I'm trying to find out as much information as I can on the 21ft x 8ft lifeboat in the picture. It was said to be an ex-freefall lifeboat but the only other example I can find is said to be an MOB boat. The whole top would have been originally closed in. I estimate her weight to be about 2 ton as she is, with no engine, and the hull shape is almost semi-displacement, however, I'm not convinced she'll do much more than displacement speed and therefore curious about the hull shape?.
I intend to convert her into a fishing boat with forward wheelhouse and would be very grateful for any information, as I'm trying to decide what engine to put in.

Many thanks,


----------



## treeve

Named 'Viking' registered Cardiff ... what is given in that registration?
RRC 19.... Rigid Raiding Craft


----------



## Lancastrian

Roath Rowing Club?
It looks more like a MOB rescue boat than a lifeboat. Similar though smaller than ones once carried by RFAs. http://rfaaplymouth.org/gallery2/main.php?g2_itemId=891


----------



## Andrew Craig-Bennett

I think that will have been a MOB boat not a freefall boat, but the confustion arises because many ships fitted with freefall boats also carry a boat like this as the MOB boat.

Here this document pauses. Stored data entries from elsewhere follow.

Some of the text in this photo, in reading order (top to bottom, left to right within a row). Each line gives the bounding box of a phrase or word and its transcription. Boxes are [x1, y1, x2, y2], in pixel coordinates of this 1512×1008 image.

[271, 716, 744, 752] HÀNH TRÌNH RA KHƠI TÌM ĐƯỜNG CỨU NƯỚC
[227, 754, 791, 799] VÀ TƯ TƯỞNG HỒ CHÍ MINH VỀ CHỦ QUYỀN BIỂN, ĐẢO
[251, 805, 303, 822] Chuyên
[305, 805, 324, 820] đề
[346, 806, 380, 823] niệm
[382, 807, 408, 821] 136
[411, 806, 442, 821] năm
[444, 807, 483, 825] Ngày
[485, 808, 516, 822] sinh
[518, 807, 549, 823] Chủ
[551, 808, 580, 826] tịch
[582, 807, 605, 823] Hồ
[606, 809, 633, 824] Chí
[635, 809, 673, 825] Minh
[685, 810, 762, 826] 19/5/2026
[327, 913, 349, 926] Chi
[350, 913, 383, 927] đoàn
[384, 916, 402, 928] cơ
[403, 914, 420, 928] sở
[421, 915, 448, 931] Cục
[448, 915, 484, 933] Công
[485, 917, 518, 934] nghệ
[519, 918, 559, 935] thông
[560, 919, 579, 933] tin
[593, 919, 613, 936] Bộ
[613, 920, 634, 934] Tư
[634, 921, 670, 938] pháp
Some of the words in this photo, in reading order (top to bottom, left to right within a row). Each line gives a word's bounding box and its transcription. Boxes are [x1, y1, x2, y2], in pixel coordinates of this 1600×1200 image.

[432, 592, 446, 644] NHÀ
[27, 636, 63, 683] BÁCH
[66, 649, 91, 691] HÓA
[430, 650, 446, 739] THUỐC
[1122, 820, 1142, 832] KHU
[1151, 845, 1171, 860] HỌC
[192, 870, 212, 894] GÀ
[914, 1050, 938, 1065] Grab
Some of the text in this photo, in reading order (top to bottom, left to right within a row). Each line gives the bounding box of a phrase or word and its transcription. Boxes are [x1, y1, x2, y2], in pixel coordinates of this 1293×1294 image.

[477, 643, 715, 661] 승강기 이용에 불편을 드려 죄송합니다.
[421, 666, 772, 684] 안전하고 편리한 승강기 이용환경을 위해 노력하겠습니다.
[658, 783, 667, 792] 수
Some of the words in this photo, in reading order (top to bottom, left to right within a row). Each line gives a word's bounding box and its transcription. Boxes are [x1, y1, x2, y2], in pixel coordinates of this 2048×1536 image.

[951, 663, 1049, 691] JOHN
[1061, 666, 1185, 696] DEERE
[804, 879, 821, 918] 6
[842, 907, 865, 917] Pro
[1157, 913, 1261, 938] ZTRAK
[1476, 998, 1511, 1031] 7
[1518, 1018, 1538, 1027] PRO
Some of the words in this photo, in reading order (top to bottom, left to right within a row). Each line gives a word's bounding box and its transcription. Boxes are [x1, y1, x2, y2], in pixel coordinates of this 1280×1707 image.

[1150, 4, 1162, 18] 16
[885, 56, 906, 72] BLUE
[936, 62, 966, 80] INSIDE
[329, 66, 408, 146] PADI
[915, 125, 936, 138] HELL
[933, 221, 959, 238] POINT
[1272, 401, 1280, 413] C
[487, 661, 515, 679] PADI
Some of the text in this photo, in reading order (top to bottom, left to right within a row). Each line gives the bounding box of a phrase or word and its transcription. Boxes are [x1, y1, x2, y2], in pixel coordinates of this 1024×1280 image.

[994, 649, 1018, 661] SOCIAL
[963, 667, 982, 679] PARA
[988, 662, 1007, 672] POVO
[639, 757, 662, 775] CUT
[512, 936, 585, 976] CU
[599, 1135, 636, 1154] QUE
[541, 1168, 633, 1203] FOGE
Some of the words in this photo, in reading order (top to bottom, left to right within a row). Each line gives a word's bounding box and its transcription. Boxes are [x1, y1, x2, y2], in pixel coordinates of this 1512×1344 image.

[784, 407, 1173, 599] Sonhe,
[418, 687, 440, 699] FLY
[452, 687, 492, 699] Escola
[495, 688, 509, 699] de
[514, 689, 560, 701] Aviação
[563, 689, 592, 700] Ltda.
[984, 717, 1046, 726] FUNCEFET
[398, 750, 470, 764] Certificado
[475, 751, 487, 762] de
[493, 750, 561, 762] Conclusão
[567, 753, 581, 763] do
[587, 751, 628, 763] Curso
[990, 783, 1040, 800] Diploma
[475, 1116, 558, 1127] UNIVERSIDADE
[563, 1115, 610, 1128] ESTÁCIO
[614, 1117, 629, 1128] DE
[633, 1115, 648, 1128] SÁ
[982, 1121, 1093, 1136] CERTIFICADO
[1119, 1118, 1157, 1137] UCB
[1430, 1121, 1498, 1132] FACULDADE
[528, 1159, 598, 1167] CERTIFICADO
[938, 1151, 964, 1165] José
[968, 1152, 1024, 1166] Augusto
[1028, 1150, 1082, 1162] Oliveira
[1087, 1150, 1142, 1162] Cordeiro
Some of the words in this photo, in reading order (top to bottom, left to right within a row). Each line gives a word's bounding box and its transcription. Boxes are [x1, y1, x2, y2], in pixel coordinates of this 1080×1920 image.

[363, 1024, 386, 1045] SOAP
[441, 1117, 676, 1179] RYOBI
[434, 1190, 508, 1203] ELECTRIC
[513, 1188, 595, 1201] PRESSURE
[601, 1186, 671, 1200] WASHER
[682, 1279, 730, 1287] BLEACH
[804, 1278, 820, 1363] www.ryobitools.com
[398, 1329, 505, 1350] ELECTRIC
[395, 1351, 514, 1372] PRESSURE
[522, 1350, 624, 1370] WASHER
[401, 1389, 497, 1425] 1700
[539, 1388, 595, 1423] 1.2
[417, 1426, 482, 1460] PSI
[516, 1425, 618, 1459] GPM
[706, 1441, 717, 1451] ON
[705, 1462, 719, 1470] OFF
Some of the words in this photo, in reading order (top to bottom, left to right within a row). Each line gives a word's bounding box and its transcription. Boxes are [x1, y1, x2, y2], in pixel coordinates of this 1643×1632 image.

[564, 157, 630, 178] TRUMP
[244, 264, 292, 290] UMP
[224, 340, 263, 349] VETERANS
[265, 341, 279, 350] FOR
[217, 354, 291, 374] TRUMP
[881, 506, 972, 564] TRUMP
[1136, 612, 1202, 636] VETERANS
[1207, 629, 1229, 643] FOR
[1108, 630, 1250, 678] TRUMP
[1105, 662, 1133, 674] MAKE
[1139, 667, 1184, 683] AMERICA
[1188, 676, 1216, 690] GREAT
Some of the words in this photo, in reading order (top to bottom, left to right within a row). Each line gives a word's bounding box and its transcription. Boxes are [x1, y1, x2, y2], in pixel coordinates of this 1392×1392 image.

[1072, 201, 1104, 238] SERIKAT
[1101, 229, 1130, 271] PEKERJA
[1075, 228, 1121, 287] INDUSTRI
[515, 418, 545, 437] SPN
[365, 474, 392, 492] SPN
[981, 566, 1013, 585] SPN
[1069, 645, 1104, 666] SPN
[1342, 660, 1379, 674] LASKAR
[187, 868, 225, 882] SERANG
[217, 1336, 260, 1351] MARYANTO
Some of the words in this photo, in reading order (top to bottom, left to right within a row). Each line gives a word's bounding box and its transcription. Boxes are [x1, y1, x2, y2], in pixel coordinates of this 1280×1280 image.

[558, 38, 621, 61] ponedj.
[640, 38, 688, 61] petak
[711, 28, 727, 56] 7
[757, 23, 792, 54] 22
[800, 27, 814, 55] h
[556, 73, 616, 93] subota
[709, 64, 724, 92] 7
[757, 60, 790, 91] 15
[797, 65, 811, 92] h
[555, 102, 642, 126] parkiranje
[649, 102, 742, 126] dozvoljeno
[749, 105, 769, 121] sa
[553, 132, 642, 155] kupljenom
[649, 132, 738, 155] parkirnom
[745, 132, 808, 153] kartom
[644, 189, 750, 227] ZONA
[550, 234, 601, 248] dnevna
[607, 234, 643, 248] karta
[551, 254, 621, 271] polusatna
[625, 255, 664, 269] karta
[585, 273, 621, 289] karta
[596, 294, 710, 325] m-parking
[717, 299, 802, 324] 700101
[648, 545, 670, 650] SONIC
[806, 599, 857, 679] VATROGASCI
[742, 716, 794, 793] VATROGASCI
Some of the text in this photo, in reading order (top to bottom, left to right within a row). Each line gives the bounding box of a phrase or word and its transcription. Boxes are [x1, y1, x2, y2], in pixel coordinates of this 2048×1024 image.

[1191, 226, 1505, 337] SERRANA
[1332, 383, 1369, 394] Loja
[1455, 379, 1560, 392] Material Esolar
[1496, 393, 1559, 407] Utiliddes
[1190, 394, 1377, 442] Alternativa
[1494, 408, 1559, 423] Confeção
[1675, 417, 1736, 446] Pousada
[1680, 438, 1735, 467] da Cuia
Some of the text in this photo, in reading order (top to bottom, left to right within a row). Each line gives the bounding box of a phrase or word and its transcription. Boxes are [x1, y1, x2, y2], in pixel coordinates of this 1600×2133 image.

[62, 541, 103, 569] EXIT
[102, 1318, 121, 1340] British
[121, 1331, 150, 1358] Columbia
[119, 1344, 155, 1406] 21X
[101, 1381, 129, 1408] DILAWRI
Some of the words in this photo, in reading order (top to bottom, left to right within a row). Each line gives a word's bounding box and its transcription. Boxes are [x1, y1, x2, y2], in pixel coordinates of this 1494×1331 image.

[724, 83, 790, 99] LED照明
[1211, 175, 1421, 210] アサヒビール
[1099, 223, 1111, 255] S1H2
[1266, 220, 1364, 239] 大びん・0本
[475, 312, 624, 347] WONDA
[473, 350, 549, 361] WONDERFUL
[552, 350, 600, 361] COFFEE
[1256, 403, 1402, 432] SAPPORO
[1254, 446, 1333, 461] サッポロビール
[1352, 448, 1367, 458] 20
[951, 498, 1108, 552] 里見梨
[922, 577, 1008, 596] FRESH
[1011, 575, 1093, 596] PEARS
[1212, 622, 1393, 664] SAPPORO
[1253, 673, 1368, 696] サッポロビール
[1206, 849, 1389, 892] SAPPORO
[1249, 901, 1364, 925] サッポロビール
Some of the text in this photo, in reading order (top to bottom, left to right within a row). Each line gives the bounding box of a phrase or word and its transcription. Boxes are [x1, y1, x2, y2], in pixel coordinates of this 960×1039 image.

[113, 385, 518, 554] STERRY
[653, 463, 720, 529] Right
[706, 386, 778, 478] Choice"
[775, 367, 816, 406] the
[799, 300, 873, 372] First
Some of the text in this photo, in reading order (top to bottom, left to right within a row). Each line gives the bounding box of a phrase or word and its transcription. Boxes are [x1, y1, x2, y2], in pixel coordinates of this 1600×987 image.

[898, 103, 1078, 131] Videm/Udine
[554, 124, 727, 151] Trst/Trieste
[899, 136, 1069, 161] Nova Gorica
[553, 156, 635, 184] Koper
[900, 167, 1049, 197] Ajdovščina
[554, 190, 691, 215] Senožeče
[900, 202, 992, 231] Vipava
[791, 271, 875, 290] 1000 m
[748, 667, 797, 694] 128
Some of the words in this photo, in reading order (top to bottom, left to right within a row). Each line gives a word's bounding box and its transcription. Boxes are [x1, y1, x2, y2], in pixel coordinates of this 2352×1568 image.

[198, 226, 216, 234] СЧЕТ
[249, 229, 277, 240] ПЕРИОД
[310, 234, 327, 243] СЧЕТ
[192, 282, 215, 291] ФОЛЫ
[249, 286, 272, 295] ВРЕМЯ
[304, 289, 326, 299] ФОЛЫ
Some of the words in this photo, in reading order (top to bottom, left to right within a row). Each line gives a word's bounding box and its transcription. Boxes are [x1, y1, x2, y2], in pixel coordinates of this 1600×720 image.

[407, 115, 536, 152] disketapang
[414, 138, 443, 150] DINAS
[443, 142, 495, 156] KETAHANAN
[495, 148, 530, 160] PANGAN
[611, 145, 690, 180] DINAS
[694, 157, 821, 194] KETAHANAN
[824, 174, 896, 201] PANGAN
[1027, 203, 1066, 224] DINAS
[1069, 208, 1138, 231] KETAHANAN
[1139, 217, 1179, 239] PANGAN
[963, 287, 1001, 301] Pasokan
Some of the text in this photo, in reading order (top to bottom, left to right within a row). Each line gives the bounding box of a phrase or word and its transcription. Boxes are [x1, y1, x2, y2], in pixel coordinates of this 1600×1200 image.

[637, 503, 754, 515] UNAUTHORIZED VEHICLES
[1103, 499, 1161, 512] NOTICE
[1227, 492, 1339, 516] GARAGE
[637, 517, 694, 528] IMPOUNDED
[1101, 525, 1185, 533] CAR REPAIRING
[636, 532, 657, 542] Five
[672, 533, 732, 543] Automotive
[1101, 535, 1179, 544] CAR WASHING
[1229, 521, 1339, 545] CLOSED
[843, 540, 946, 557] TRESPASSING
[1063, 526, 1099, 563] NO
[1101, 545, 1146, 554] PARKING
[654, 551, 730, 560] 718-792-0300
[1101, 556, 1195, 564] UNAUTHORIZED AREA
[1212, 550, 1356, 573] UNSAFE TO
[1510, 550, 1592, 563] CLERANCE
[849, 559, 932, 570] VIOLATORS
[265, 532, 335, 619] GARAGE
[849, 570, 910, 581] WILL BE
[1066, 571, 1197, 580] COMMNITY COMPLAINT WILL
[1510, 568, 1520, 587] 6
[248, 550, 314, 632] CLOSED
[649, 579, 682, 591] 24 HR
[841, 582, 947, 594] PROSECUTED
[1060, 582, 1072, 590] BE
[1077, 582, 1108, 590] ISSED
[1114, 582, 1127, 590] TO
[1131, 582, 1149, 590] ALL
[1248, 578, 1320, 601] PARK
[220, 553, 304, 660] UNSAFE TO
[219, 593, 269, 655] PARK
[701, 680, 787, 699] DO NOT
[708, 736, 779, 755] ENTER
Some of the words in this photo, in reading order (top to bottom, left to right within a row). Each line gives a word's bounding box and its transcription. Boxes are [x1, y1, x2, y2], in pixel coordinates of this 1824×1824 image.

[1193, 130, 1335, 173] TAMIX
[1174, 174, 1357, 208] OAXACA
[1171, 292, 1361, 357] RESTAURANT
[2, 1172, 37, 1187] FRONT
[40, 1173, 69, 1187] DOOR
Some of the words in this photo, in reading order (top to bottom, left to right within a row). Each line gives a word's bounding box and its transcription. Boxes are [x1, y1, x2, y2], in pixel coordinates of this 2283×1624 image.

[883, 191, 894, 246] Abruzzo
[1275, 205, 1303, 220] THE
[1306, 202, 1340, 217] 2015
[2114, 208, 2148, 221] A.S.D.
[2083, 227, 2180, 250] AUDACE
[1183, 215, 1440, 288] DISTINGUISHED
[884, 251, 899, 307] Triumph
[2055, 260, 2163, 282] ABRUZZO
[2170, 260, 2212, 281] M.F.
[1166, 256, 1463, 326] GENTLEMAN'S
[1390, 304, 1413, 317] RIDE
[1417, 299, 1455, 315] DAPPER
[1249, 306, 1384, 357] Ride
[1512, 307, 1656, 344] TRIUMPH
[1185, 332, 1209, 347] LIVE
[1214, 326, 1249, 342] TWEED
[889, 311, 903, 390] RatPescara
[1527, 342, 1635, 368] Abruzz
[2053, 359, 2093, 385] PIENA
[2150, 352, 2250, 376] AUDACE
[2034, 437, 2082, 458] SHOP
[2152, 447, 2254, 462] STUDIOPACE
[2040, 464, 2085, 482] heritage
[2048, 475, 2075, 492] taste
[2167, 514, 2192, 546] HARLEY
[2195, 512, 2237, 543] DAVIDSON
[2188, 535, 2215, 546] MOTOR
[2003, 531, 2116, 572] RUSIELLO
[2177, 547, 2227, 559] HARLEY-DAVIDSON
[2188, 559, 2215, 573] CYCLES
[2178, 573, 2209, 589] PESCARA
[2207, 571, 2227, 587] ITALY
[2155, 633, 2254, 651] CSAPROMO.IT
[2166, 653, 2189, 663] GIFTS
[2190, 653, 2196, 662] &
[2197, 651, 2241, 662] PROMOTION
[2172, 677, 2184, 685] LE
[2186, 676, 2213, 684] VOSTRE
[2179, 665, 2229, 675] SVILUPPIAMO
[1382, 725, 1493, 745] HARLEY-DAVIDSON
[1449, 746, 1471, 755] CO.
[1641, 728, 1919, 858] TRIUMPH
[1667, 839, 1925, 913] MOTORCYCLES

Maersk Line use this type. (Personally I have always specified a fast RIB as the MOB boat).


----------



## chadburn

I see she has Keel Cooler's.


----------



## JoK

It looks like a surf boat


----------



## mjdblacksmith

Thanks for all the suggestions so far. I've tried looking for the registration details, but can only find how to register a boat. I thought the rigid raiding craft was a good lead, but all these seem to be open boats and not fully enclosed. I forgot to add that there are flotation tanks inside, and these and the floor are filled with foam, no timber at all, whether this helps to identify it or not I'm unsure.

thanks again,


----------